La speranza che ci tiene in vita e ci mantiene esseri umani – insegna Del Toro – risiede nell’idealizzazione di qualcosa di impossibile ma in cui crediamo profondamente. Ma se portiamo la favola alla sua fine, se crediamo che non esista più nulla dopo, non resterà altro per noi. Ed è quello che accade a Victor.
Parola e gentilezza
Se tutti i nervi, tutto il sistema linfatico, ogni muscolo e tendine è stato ricucito correttamente… Dove risiede l’anima dell’uomo?
Del Toro ci risponde molto dolcemente ed efficacemente: nella gentilezza.
Ogni parola appresa dalla Creatura, ogni gesto, ogni scintilla d’intelligenza nasce da un atto gentile. Se l’unico suono che la Creatura apprende è “Victor”, è perché quella è stata la prima — e forse unica — parola gentile ricevuta dal suo creatore.
C’è intelligenza nel dolore, e la Creatura è frutto di tutto il dolore di Victor, fino a diventarne la sua nemesi. Più semplice, più pura, nata dal peccato di hybris e ripugnante perché capace di smascherare il cuore e i limiti dell’uomo.
Il laboratorio del creatore
Questo Frankenstein – ancora una volta rivisitato rispetto all’originale – si rivela un lavoro intimo, personale, che raccoglie tutti gli elementi più cari a del Toro, rendendolo immediatamente riconoscibile.
Non solo l’estetica dei colori – con il prevalere di colori freddi che sono sia tipici del genere che ricorrenti nei lavori anche più pop del regista – ma anche la chirurgica composizione delle immagini fatta di simoboli ricorrenti dove nulla è casuale e accompagna in ogni inquadratura i temi più sentiti da regista: il rapporto tra padre e figlio, la fiaba come parabola della debolezza umana e la ricerca della redenzione attraverso il folle e l’assurdo.
La scelta dei protagonisti non lascia spazio a dubbi di alcun tipo, Oscar Isaac sa come tenere in piedi un personaggio dissennato e dalla verbosità teatrale, mentre Jacob Elordi non solo rende profondità ad una Creatura senza parola, sgraziata e tenera allo stesso tempo, ma dimostra di essere già un artista eclettico e da tenerlo d’occhio. Mia Goth, invece, è semplicemente a suo agio in un genere che ormai sembra appartenerle in modo naturale.

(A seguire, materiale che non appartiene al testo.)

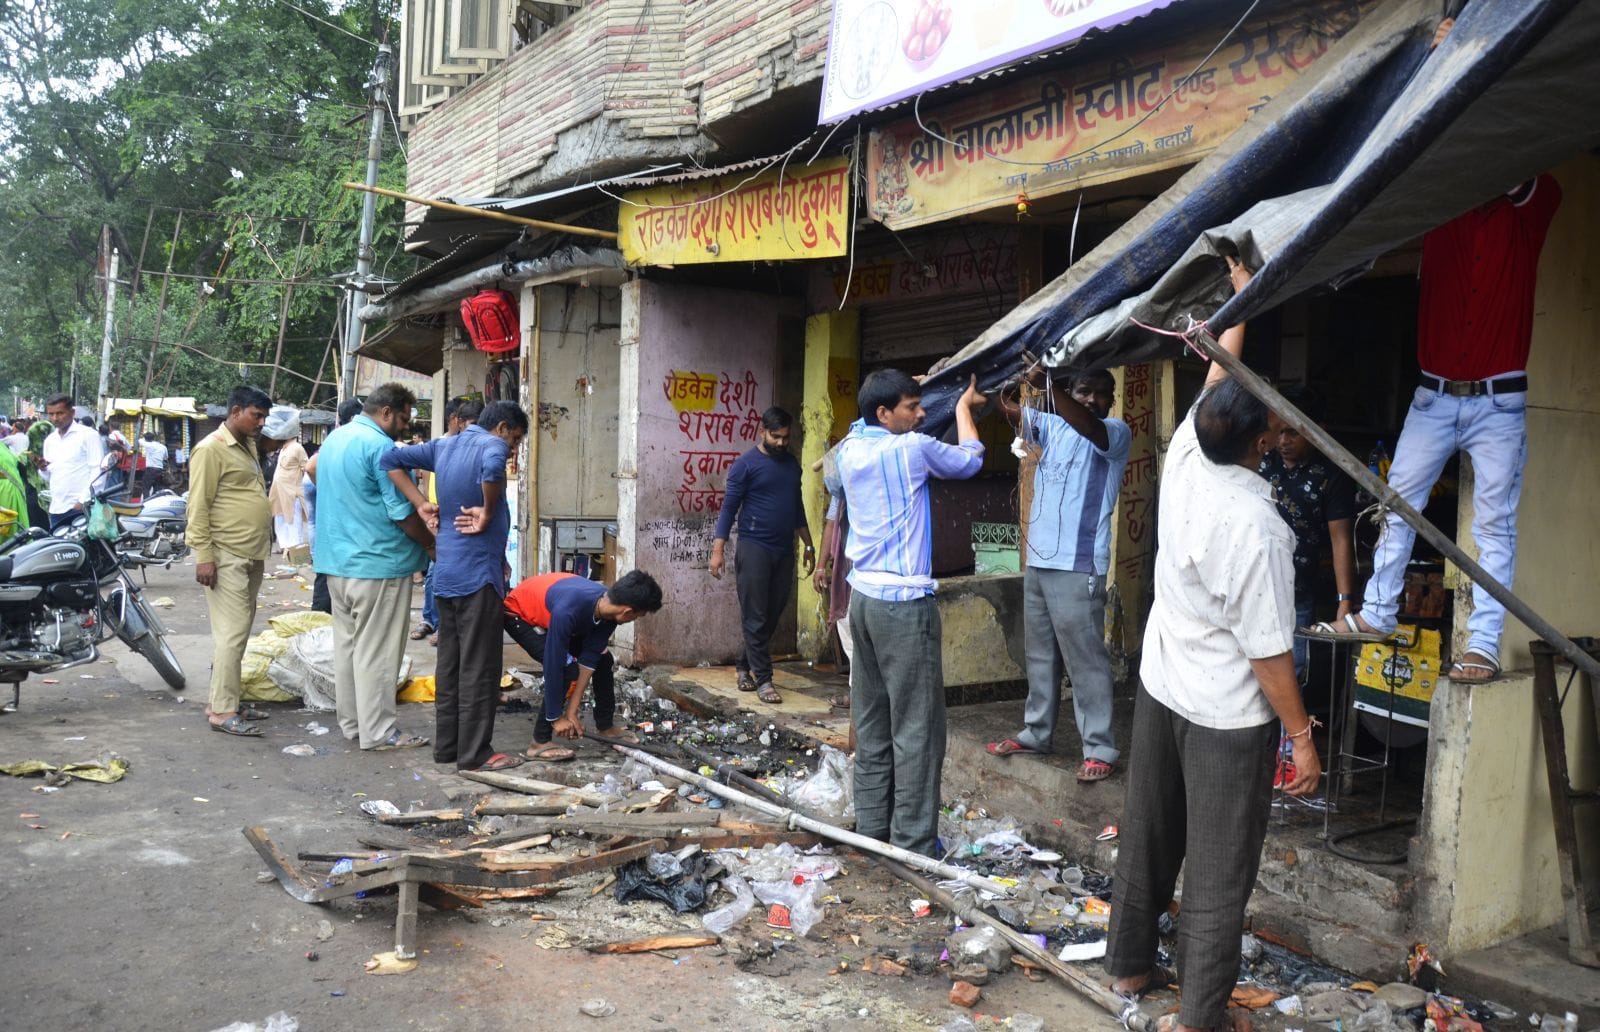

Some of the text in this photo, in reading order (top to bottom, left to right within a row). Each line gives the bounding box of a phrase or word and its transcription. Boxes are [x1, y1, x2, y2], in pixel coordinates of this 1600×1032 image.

Non da meno, del Toro si diverte, come solo del Toro sa fare. Nelle immagini al tempo stesso incantevoli e raccapriccianti della “sala operatoria” di Frankenstein risiede tutto il Guillermo che più ci piace. Ovvero il bambino che gioca a dissezionare la natura e a costruire da solo i suoi giocattoli. Perché è l’unico modo per conoscere il mondo con i suoi limiti e creare storie in grado di superarli.